··· Information given ···

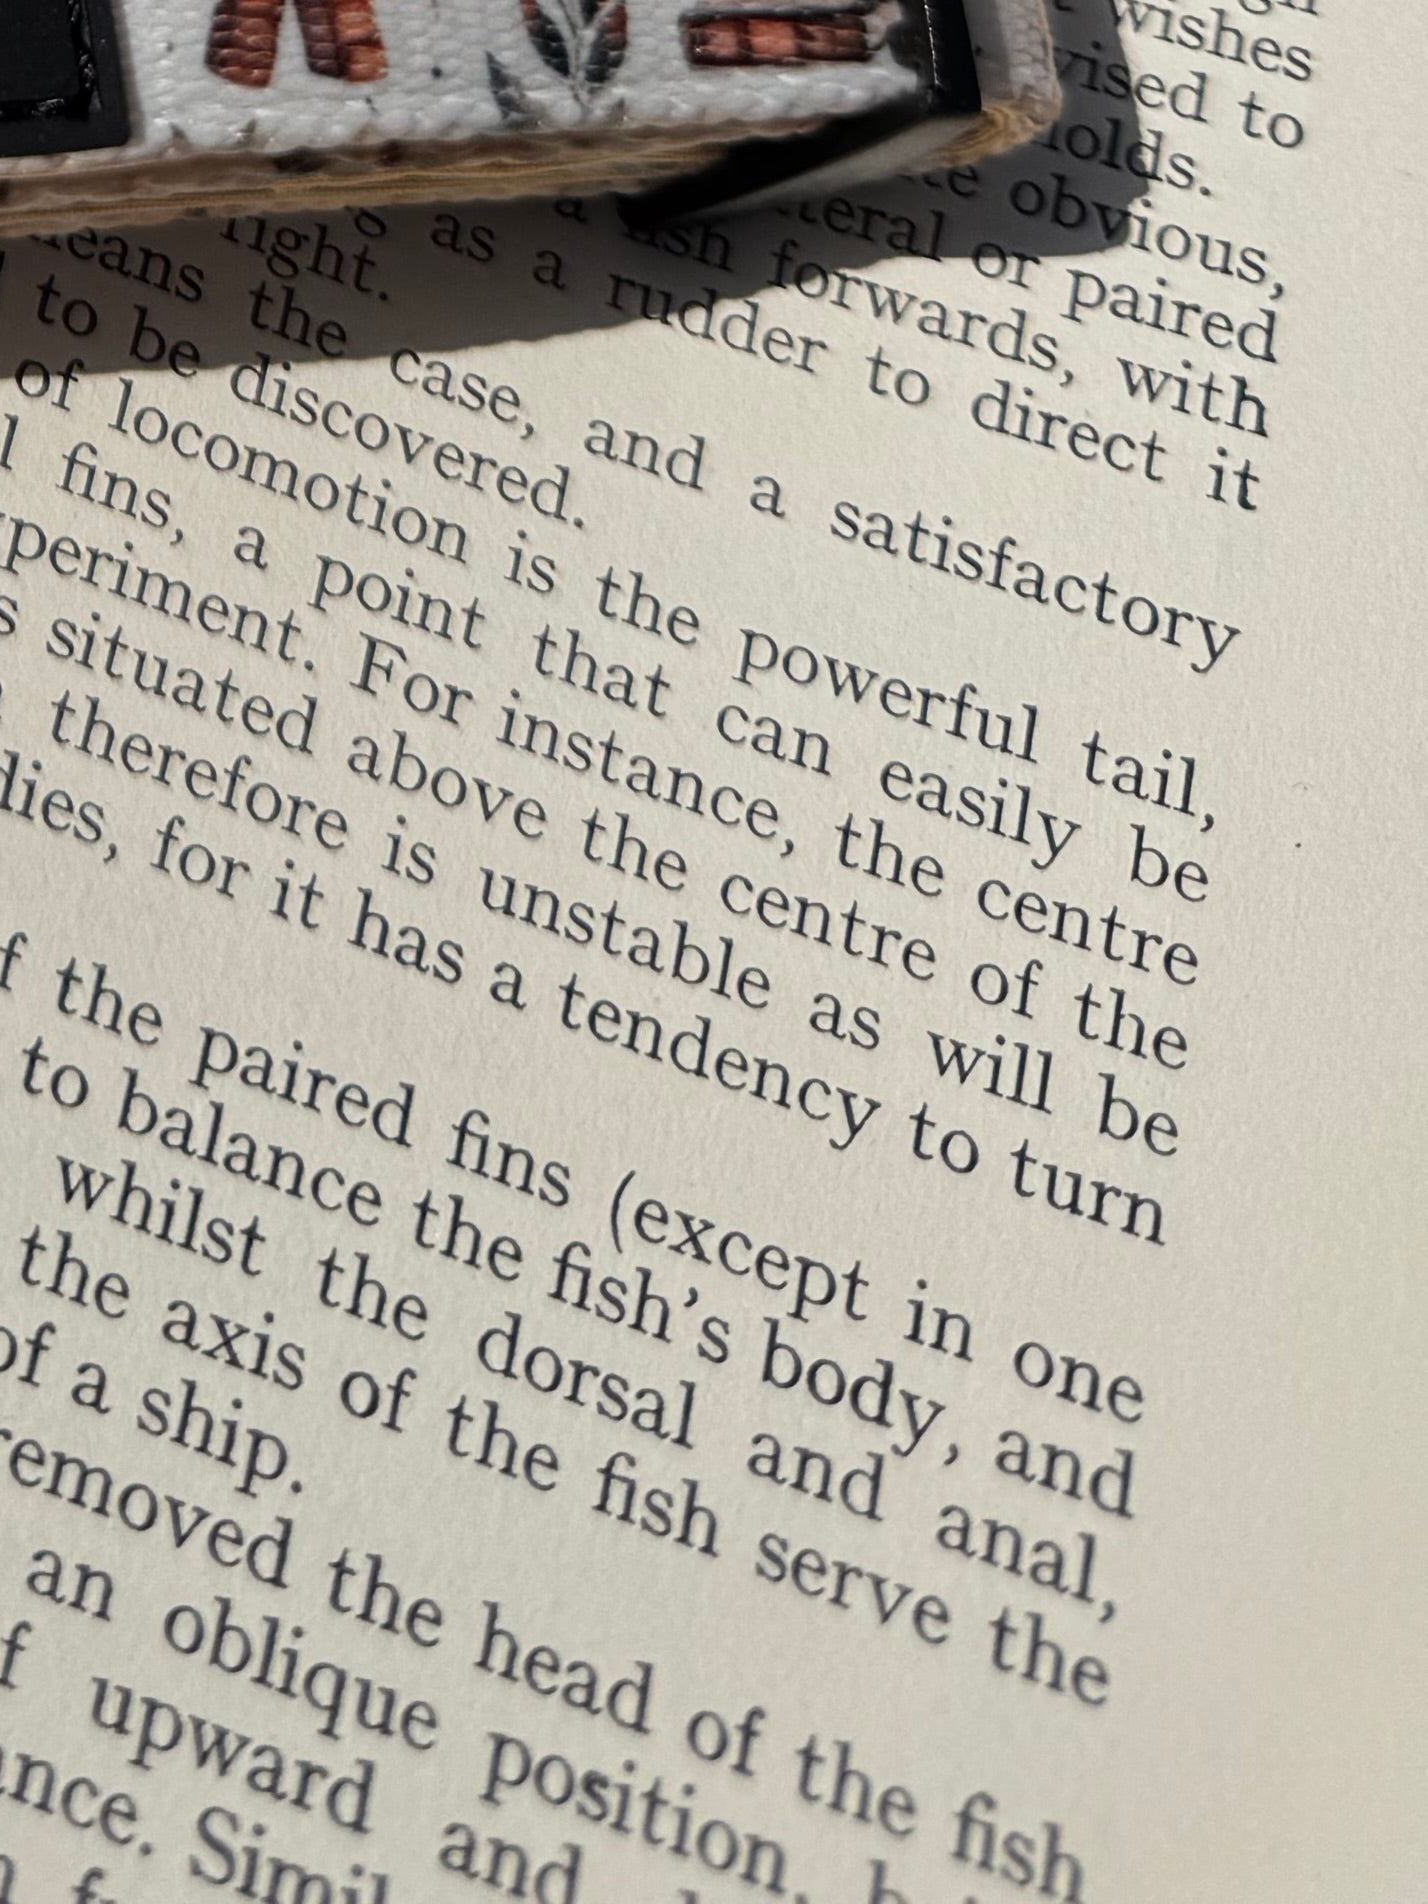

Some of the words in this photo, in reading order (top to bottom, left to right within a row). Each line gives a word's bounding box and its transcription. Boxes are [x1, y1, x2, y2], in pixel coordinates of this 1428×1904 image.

[584, 420, 705, 492] and
[750, 476, 785, 519] a
[830, 502, 1241, 674] satisfactory
[972, 379, 1167, 483] direct
[1206, 447, 1260, 511] it
[504, 530, 556, 596] is
[596, 566, 699, 648] the
[732, 629, 1037, 764] powerful
[1082, 731, 1214, 833] tail,
[56, 957, 162, 1047] the
[188, 1027, 415, 1149] paired
[446, 1109, 570, 1207] fins
[610, 1170, 869, 1323] (except
[904, 1279, 973, 1362] in
[1014, 1342, 1144, 1424] one
[57, 1155, 266, 1277] whilst
[318, 1247, 428, 1341] the
[478, 1311, 696, 1450] dorsal
[747, 1433, 884, 1522] and
[936, 1505, 1115, 1624] anal,
[328, 1548, 443, 1648] the
[474, 1601, 653, 1735] head
[687, 1707, 766, 1777] of
[797, 1735, 915, 1838] the
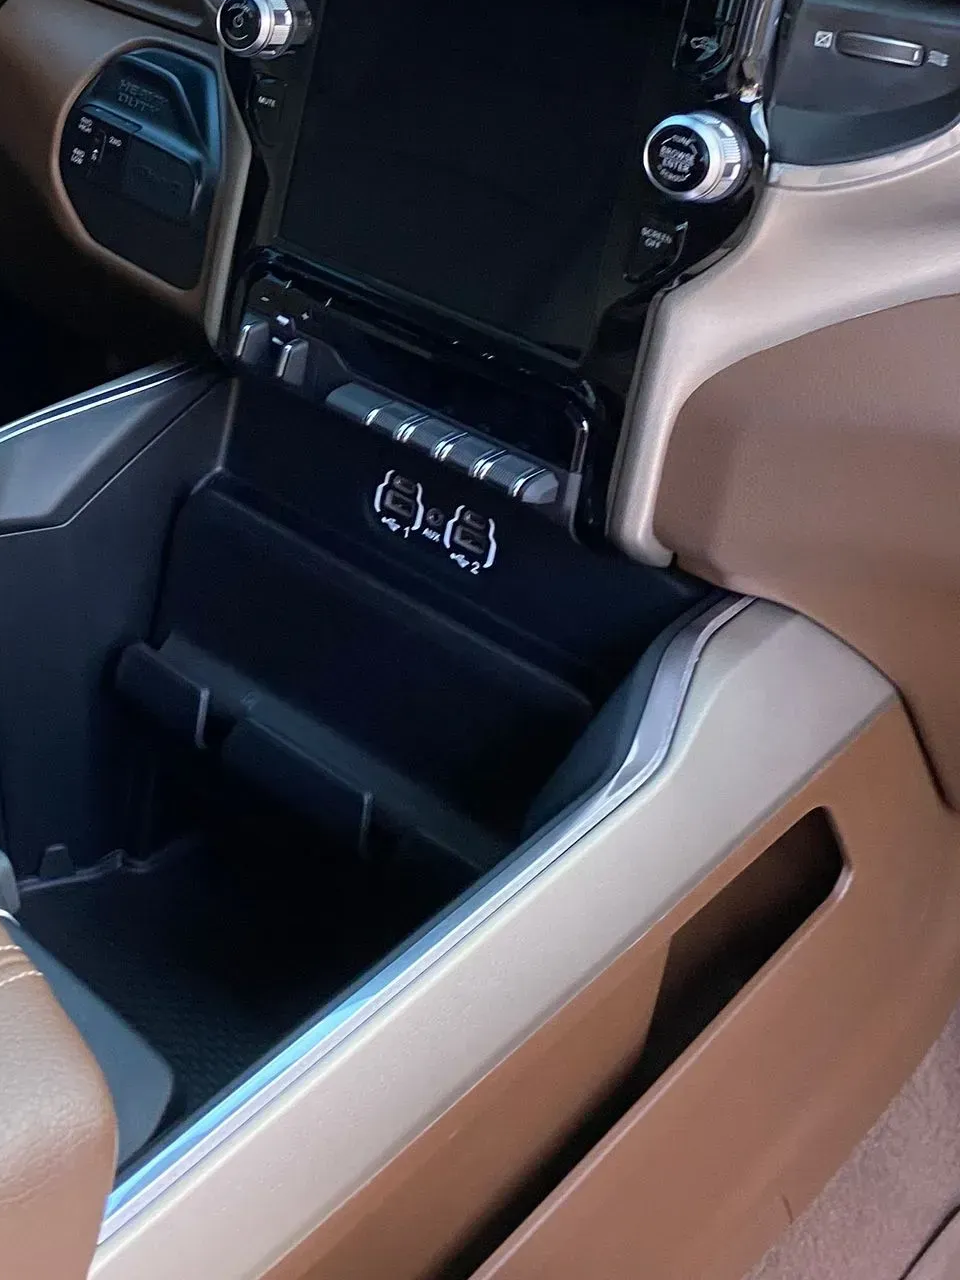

···

• [Required action]:
Transcribe each record exactly as it stands, setting aside any pictures.

• [Response to this exercise]:
Some of the words in this photo, in reading order (top to bottom, left to right within a row). Each line gives a word's bounding box and its transcription. Boxes are [x1, y1, x2, y2], in pixel coordinates of this 1428×1904 image.

[584, 420, 705, 492] and
[750, 476, 785, 519] a
[830, 502, 1241, 674] satisfactory
[972, 379, 1167, 483] direct
[1206, 447, 1260, 511] it
[504, 530, 556, 596] is
[596, 566, 699, 648] the
[732, 629, 1037, 764] powerful
[1082, 731, 1214, 833] tail,
[56, 957, 162, 1047] the
[188, 1027, 415, 1149] paired
[446, 1109, 570, 1207] fins
[610, 1170, 869, 1323] (except
[904, 1279, 973, 1362] in
[1014, 1342, 1144, 1424] one
[57, 1155, 266, 1277] whilst
[318, 1247, 428, 1341] the
[478, 1311, 696, 1450] dorsal
[747, 1433, 884, 1522] and
[936, 1505, 1115, 1624] anal,
[328, 1548, 443, 1648] the
[474, 1601, 653, 1735] head
[687, 1707, 766, 1777] of
[797, 1735, 915, 1838] the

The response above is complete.